Last week a video went viral of West Yorkshire Police arresting a 16 year-old autistic girl for comparing a WPC to her “lesbian nana”. After widespread derision on social media, the constabulary later issued a statement saying the girl had been arrested “on suspicion of a homophobic public order offence”. Harry Miller, ex-policeman and founder of Fair Cop, tweeted: “This was a home invasion by an organised crime gang called West Yorkshire Police.” I had a nasty experience of my own on Saturday August 12th – not so traumatising, but nonetheless disturbing.
The incident occurred at a busy junction in Bexhill-on-Sea, where the ‘No to Northeye’ campaign has brought the community together in opposition to the Home Office’s plan to open a huge camp for 1,200 illegal migrants. But while the public overwhelmingly supports us, the authorities are not on our side. On Saturday, we experienced an unpleasant attitude from the two police officers present.
This was in stark contrast to previous rallies. We have praised officers for their good-natured and efficient policing, including stopping traffic as we marched through town. But on this occasion there was a group of about 15 counter-protestors, standing behind railings across from the roundabout we were on, waving insulting placards such as “Bexhill against racism” and “Don’t be racist dicks”. They appeared to be given more favourable treatment than us by the police.
I was standing with a placard, chatting to fellow members of our group, and facing away from the counter-protestors. We were receiving enthusiastic support from motorists, with a cacophony of horns (few tooted for the rival group). Three of the counter-protestors came over to the roundabout to engage with people on our side. Reasoned dialogue, however, is impossible with woke zealots. When I heard one of our ladies getting cross, I asked the two officers standing by why these counter-protestors were being allowed to cause aggravation.
The older officer took umbrage at me telling him how to do his job, although I had not been rude in any way. Ominously, he said: “I want a word with you afterwards.” I asked what it was about, and he pointed at my placard. This was homemade by a female member (it shouldn’t be relevant, but she is of Asian ethnicity), saying “Women’s Safety”. Quite a reasonable message, I felt, given the concerns of my wife and daughters. I was told that a woman passing by had complained that this was “offensive”.

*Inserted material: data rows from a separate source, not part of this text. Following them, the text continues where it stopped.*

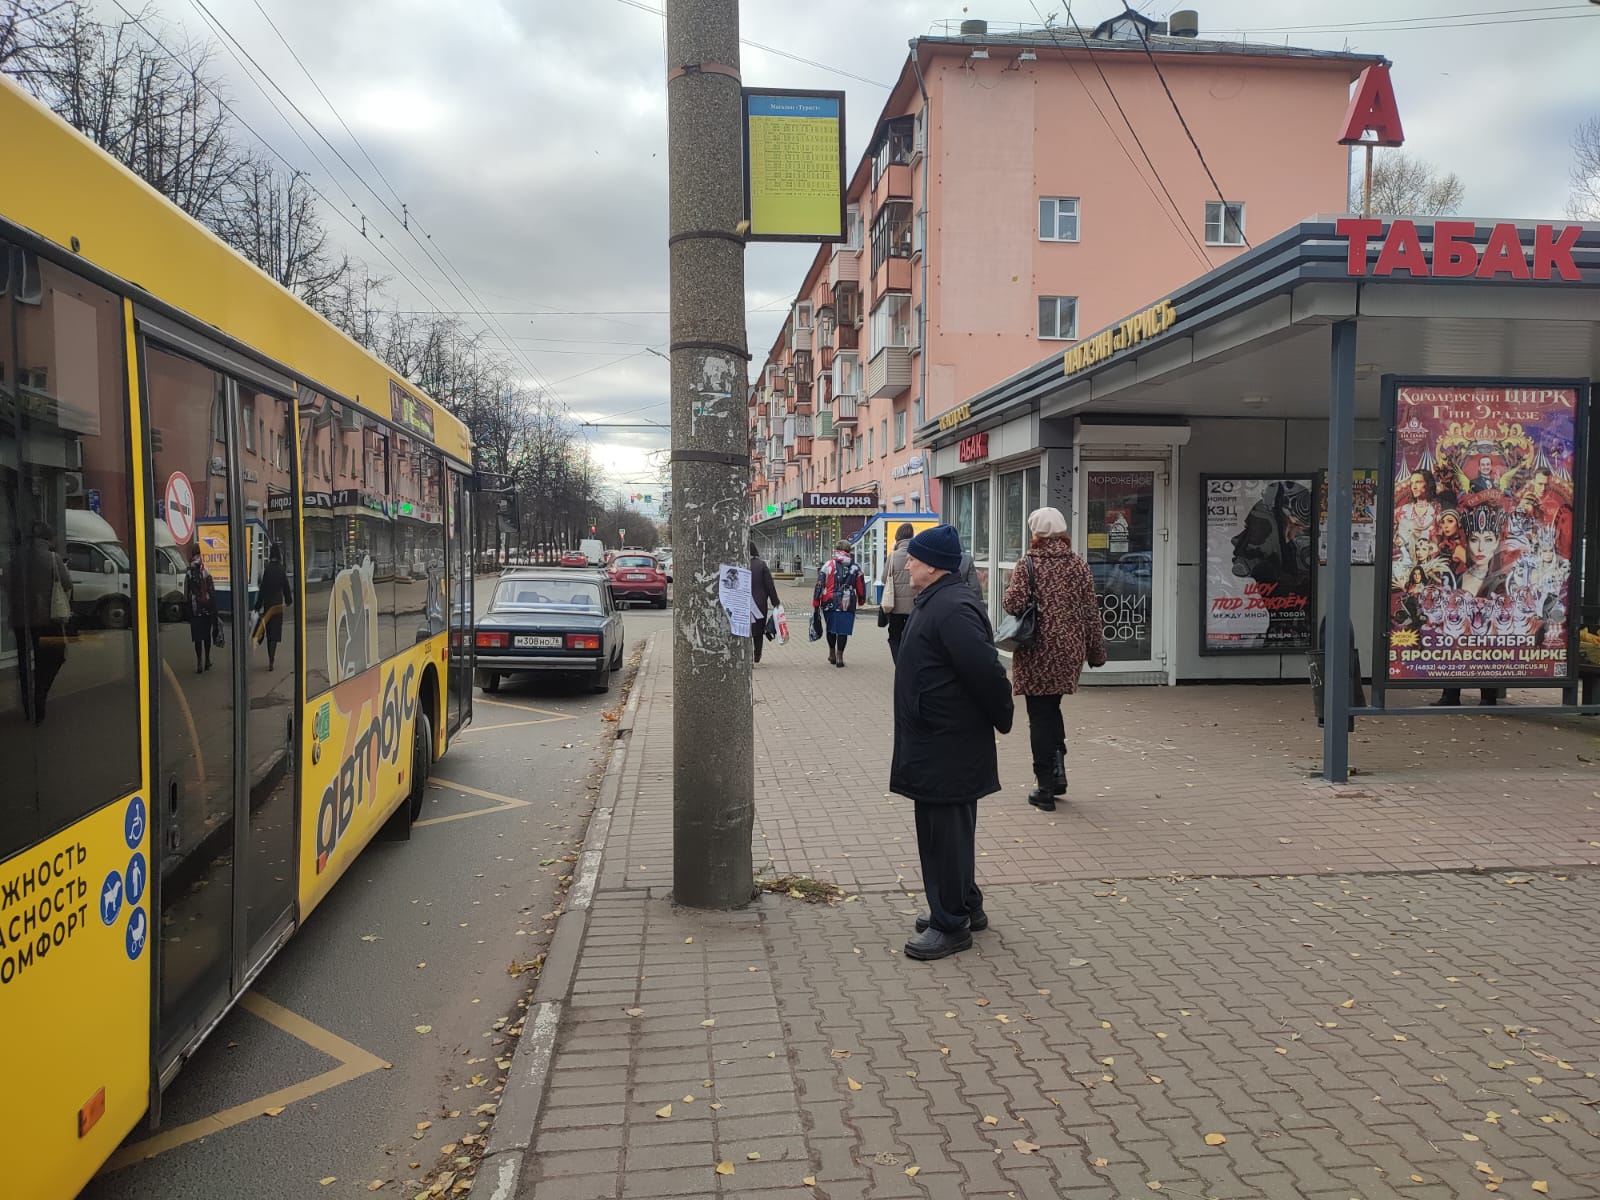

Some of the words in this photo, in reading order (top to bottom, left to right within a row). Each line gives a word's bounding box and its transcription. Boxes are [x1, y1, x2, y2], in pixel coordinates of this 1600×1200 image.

[1336, 218, 1584, 281] ТАБАК
[1064, 329, 1114, 376] МАГАЗИН
[1113, 299, 1177, 350] «ТУРИСТ»
[1504, 390, 1573, 408] ЦИРК
[1089, 475, 1152, 486] МОРОЖЕНОЕ
[1211, 481, 1235, 494] 20
[810, 494, 871, 508] Пекарня
[1207, 505, 1238, 517] КЗЦ
[1243, 582, 1279, 595] ШОУ
[1095, 594, 1146, 610] СОКИ
[1210, 597, 1243, 613] ПОД
[1245, 592, 1308, 611] ДОЖДЁМ
[1279, 609, 1306, 618] ТОБОЙ
[1102, 625, 1146, 641] ОФЕ
[1422, 636, 1432, 647] С
[1436, 636, 1453, 647] 30
[1458, 635, 1536, 647] СЕНТЯБРЯ
[1389, 650, 1397, 661] В
[1401, 649, 1515, 661] ЯРОСЛАВСКОМ
[1519, 649, 1567, 663] ЦИРКЕ
[1469, 663, 1549, 671] WWW.ROYALCIRCUS.RU
[1, 842, 87, 911] ЖНОСТЬ
[1, 904, 88, 984] ОМФОРТ

When I asked the officer how the message of women’s safety could be construed as offensive, he explained that it suggests that all migrants are rapists. On asking whether I should put the placard down, I was told, “It’s your call.” But either the placard is lawful or not, I said. The officer replied that it was not him that found it offensive, but a member of the public. However, if he didn’t believe any law was being broken, why was he pursuing this?
I pointed to the “Don’t be racist dicks” banner across the road and asked why the officers did not see that as a problem. Nobody had complained, he said. So I said that I found it offensive. he didn’t like that.
Then more counter-protestors came over. I again suggested that the officers should keep the groups apart. Angrily, the older officer asked: “Under what law do you think I can tell these people not to stand in a public space?” With emphasis, he turned his body camera on. I calmly stated that I wasn’t suggesting they were breaking the law, but it would be sensible of the officers to simply keep the peace. I then returned to my place by the roadside. Illogically, the officer had raised the issue of my banner, even though it wasn’t illegal, but refused to do anything to stop the rival protestors harassing us because it wasn’t against the law.
Moments later, the lady who had made the placard relieved me of it, saying, “Let me hold this instead of you.” She warned me that she had overheard the officers talking about arresting me. What? I had not come anywhere near to committing a crime. But I understood the situation. I was being targeted, possibly because I had spoken at previous rallies and played a prominent role in the campaign. I was not willing to succumb to a ‘show arrest’.
In this atmosphere of intimidation, aware that the officers were watching me, I opted to leave. I later heard that the women’s safety placard was boldly on show after my departure, its inscriber bellowing out the message, unhindered. A heavy rain shower had chased the counter-protestors off in their minibus, with the police officers reverting to their usual friendlier attitude afterwards.
It seems to me that this was politicised policing with an ‘on’ and ‘off’ switch. But whatever the motive or orders, I’d say to the officers involved, if you think women’s safety is offensive, you’re in the wrong job.
Dr. Niall McCrae is a registered nurse who was on the editorial board member of Journal of Advanced Nursing.